- [Task requirements] Although the material holds pictures, none belong in the copy; transcribe exactly, and only, the lines from the one with "this 1280×1079 image." through the end.

- [Given entries]
^^^^^^^^^^^^^^^^

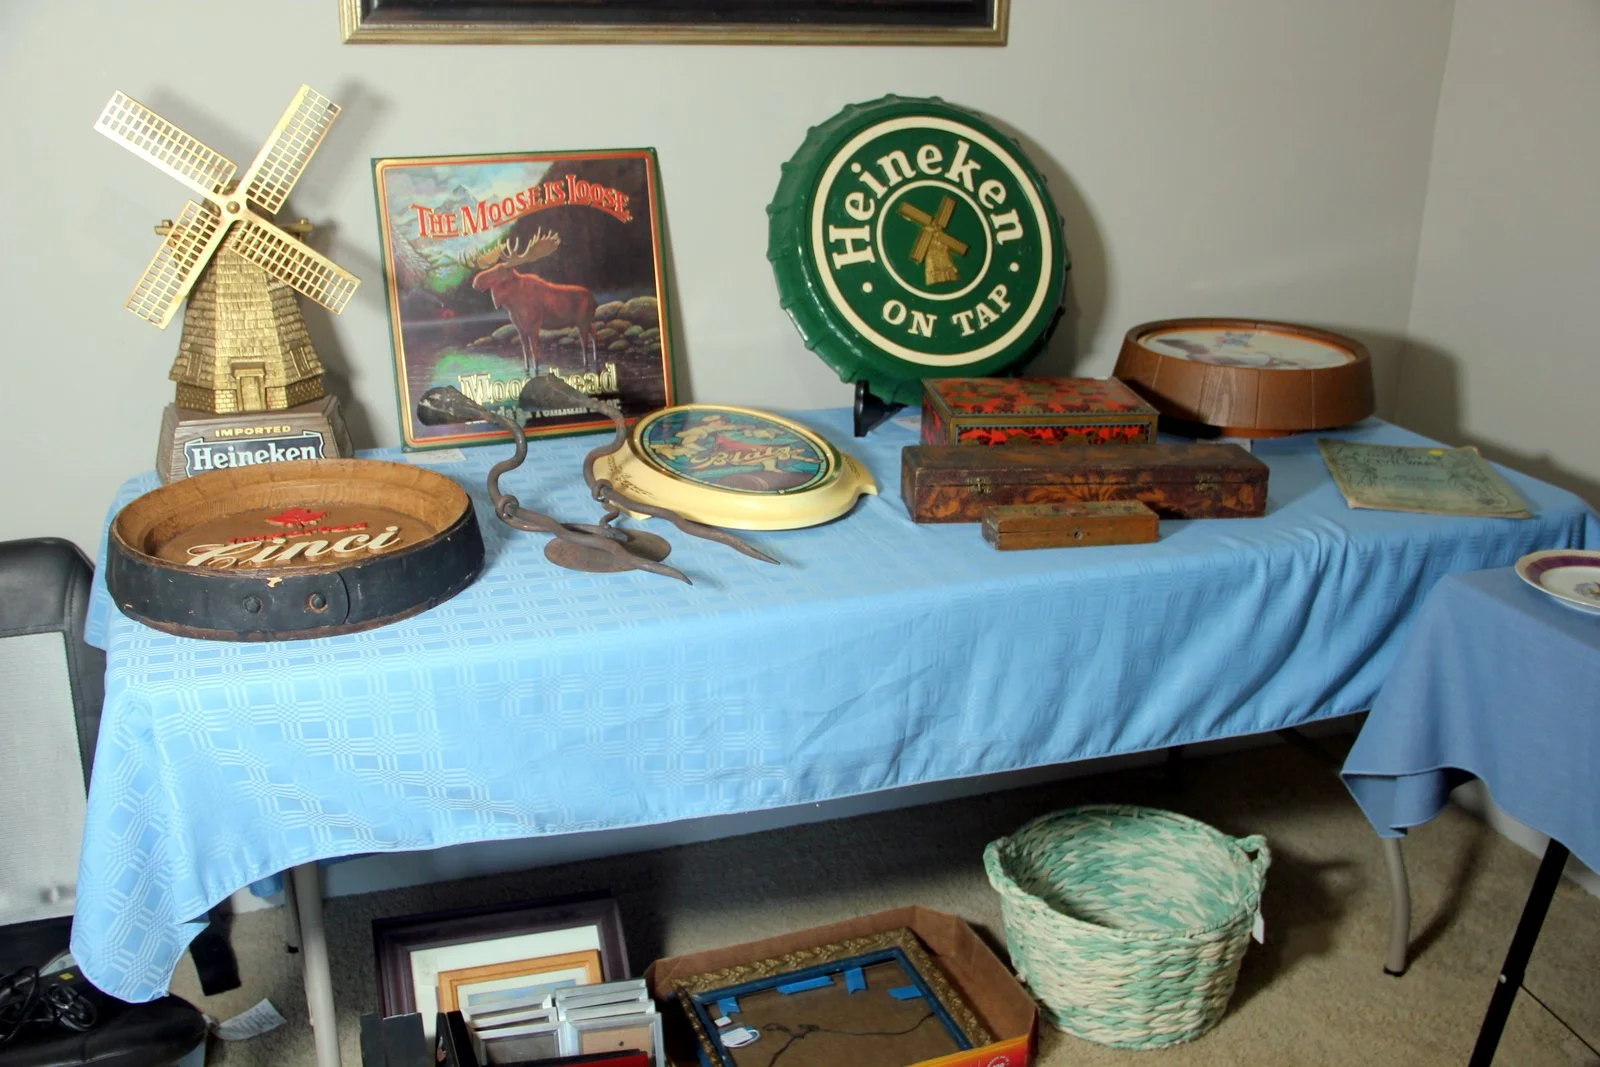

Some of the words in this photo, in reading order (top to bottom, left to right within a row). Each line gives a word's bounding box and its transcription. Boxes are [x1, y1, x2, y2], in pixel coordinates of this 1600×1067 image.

[543, 181, 566, 204] IS
[828, 140, 1024, 270] Heineken
[882, 299, 937, 338] ON
[952, 283, 1011, 337] TAP
[215, 425, 292, 437] IMPORTED
[191, 443, 316, 471] Heineken
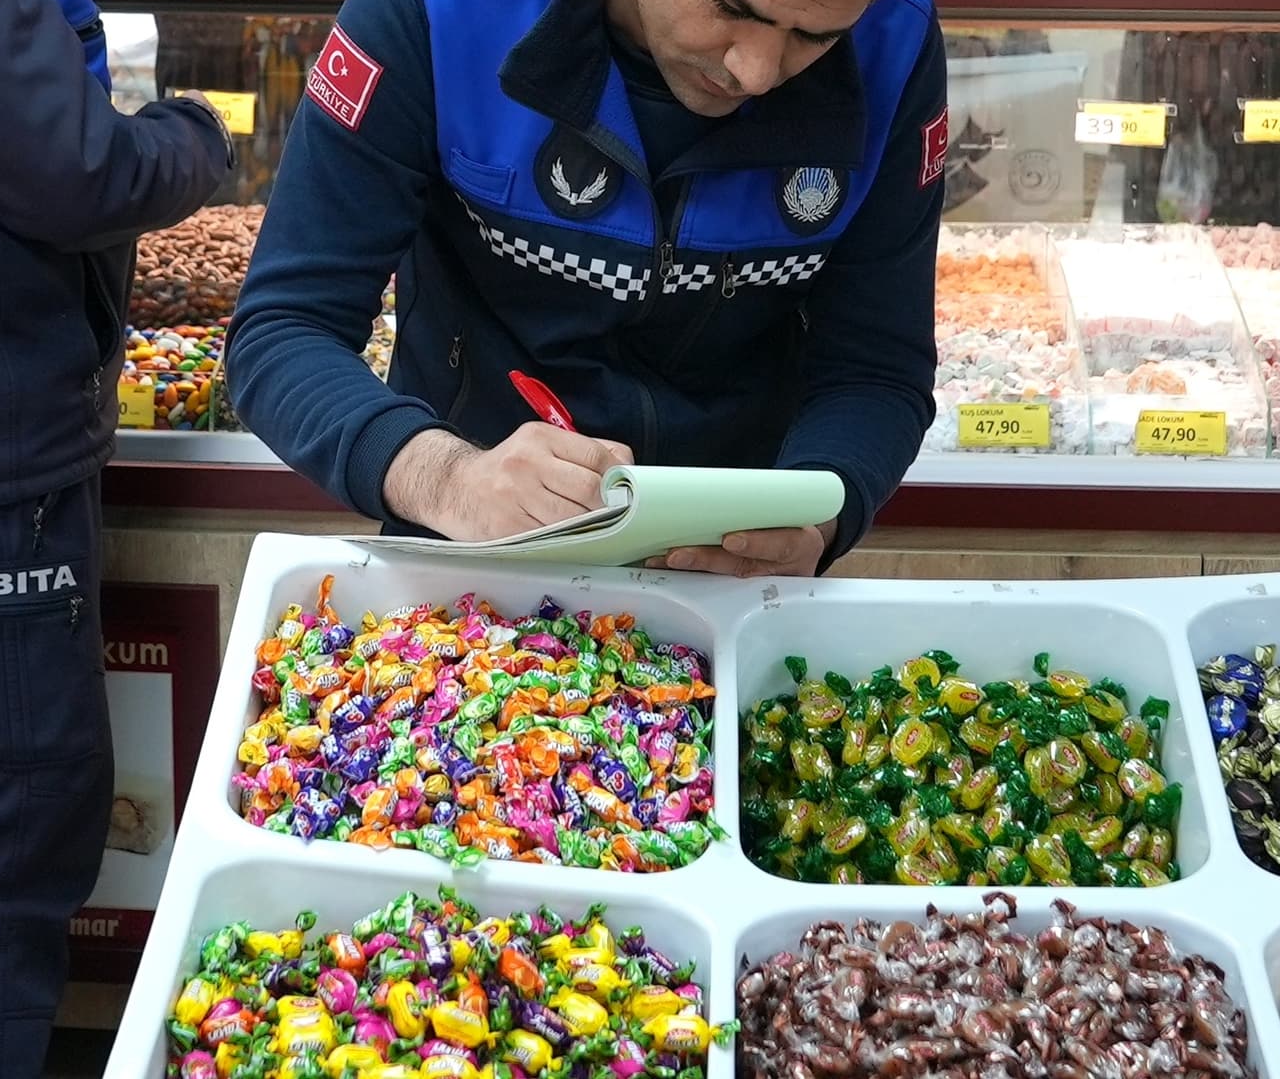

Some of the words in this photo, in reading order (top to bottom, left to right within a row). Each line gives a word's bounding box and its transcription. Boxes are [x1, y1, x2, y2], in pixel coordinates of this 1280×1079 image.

[310, 73, 350, 118] TÜRKİYE
[976, 409, 1004, 417] LOKUM
[976, 420, 1020, 436] 47,90
[1152, 428, 1196, 444] 47,90
[102, 636, 169, 666] kum
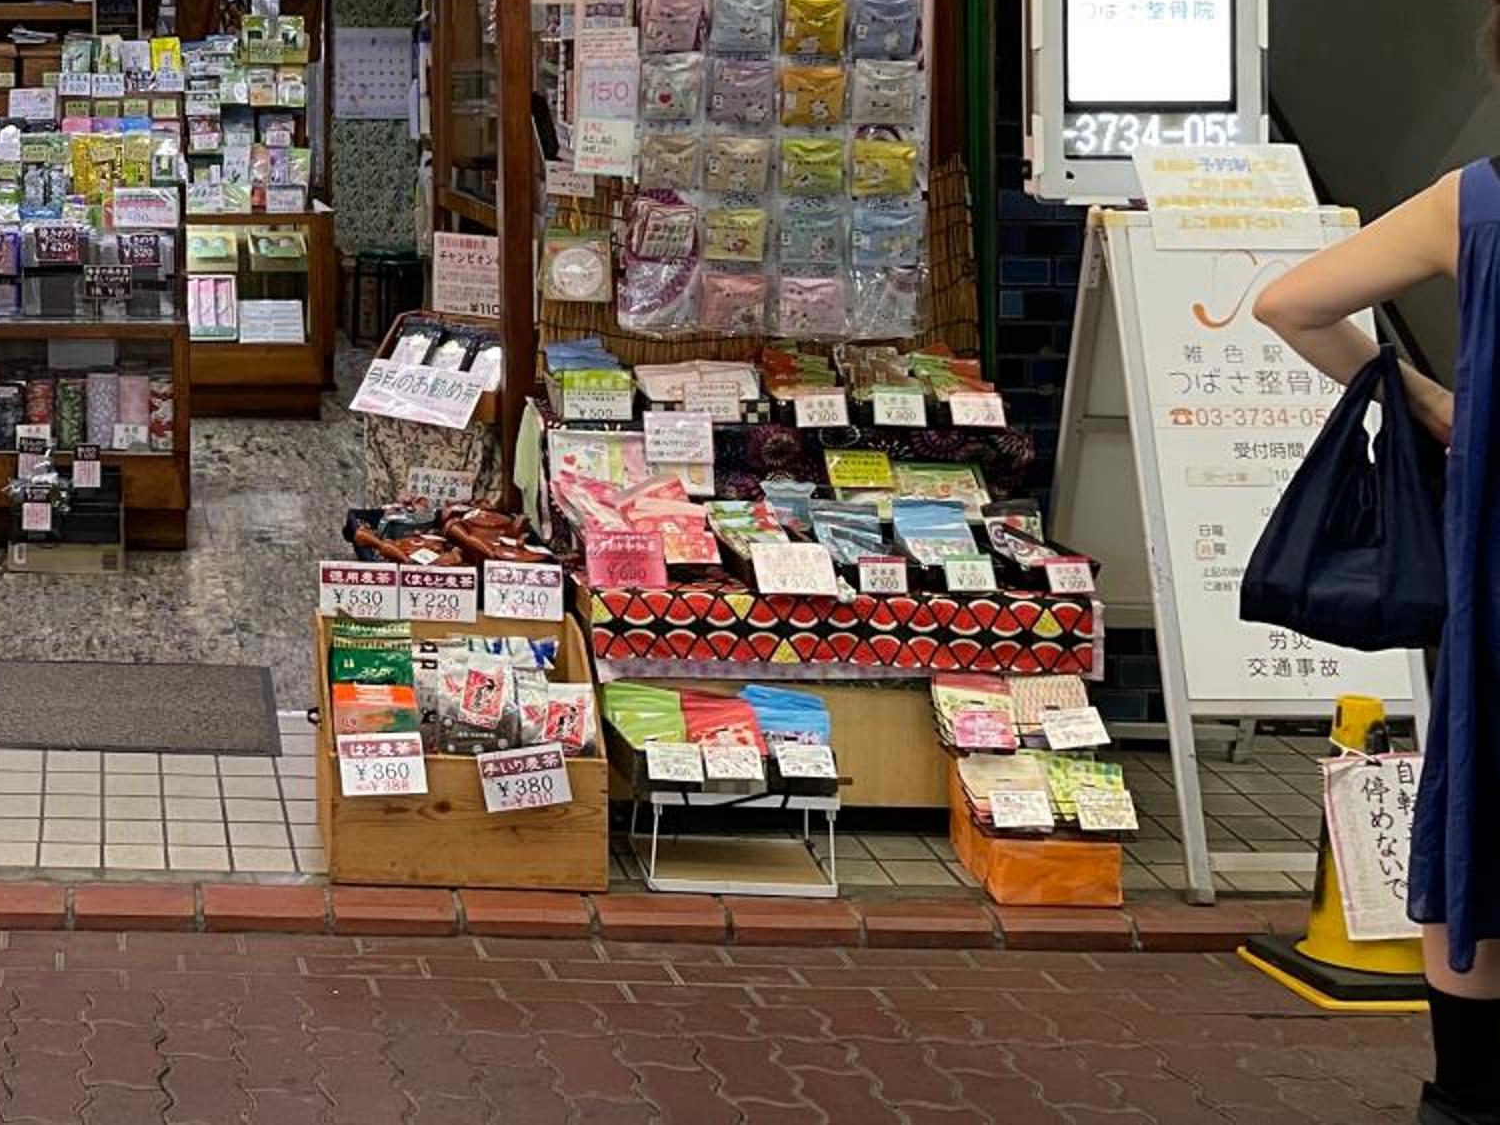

^^^^^^^^^^^^^^^^

- [Response below]
Some of the words in this photo, in reading order (top to bottom, left to right within a row). Each line gives a word's bounding box and its transcription. Boxes are [x1, y1, x2, y2], in pixel coordinates of this 1280×1079 image.

[310, 73, 350, 118] TÜRKİYE
[976, 409, 1004, 417] LOKUM
[976, 420, 1020, 436] 47,90
[1152, 428, 1196, 444] 47,90
[102, 636, 169, 666] kum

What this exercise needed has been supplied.